There are currently HCB advisories for the following waterbodies on the Wind River Ranger District of the Shoshone National Forest: Brooks Lake, Upper Brooks Lake, Upper Jade Lake, and Rainbow Lake. Additional waterbodies are being investigated for possible blooms. These include Pelham Lake, Scouts Pond, some lakes in the Dunoir area, and small lakes off the Burroughs Loop Road, Forest Service Road 510.
Cyanobacteria, also known as blue-green algae, can form HCBs that produce toxins and other irritants that pose a risk to human and animal health. HCBs typically occur when water temperatures increase in still or slow-moving water and when wind aggregates cyanobacteria near shorelines. HCBs may be green, brown, or blue green in color and may appear as discolored water, small grass clippings, scum, floating mats, or spilled paint.
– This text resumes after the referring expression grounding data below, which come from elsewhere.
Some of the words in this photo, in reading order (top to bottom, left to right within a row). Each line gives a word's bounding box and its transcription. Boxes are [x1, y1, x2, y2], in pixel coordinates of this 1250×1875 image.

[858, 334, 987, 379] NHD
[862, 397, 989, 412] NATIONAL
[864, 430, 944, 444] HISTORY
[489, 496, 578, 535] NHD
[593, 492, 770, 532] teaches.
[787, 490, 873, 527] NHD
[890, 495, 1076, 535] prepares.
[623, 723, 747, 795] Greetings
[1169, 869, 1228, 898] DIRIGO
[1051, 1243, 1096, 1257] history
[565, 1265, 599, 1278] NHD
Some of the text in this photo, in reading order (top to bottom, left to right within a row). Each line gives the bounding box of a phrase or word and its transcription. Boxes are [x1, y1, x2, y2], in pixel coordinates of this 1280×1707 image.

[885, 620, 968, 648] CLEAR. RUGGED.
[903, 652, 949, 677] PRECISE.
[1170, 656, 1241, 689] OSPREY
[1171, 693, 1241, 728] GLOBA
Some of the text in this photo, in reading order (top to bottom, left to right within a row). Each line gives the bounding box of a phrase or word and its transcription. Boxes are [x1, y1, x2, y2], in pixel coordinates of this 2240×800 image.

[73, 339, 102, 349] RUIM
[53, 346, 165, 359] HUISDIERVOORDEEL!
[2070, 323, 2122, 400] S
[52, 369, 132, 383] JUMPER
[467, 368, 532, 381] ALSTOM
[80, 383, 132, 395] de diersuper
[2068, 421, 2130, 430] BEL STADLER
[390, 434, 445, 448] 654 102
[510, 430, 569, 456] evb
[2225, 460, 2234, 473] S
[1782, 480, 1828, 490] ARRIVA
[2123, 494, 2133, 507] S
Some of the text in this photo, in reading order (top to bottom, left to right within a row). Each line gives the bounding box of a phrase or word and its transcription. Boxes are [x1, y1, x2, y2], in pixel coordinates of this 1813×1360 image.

HCBs can occur on or in the water, either floating or attached to plants, rocks, or other material.
If you find a suspected bloom or experience a possible bloom-related illness, report it to Wyoming Department of Environmental Quality (DEQ) and the Wyoming Department of Health (WDH) at www.WyoHCBs.org. This website is a good source for information on HCBs.
If a bloom is present, the WDH recommends the following:
- Avoid contact with water in the vicinity of the bloom, especially in areas where cyanobacteria are dense and form scum.
- Do not ingest water from the bloom. Boiling, filtration, or other treatments will not remove toxins. Avoid water spray from the bloom.
- Rinse fish with clean water and eat only the fillet portion.
- Do not allow pets or livestock to drink water near a bloom, eat bloom material, or lick fur after contact. If people, pets, or livestock encounter a bloom, rinse area with clean water.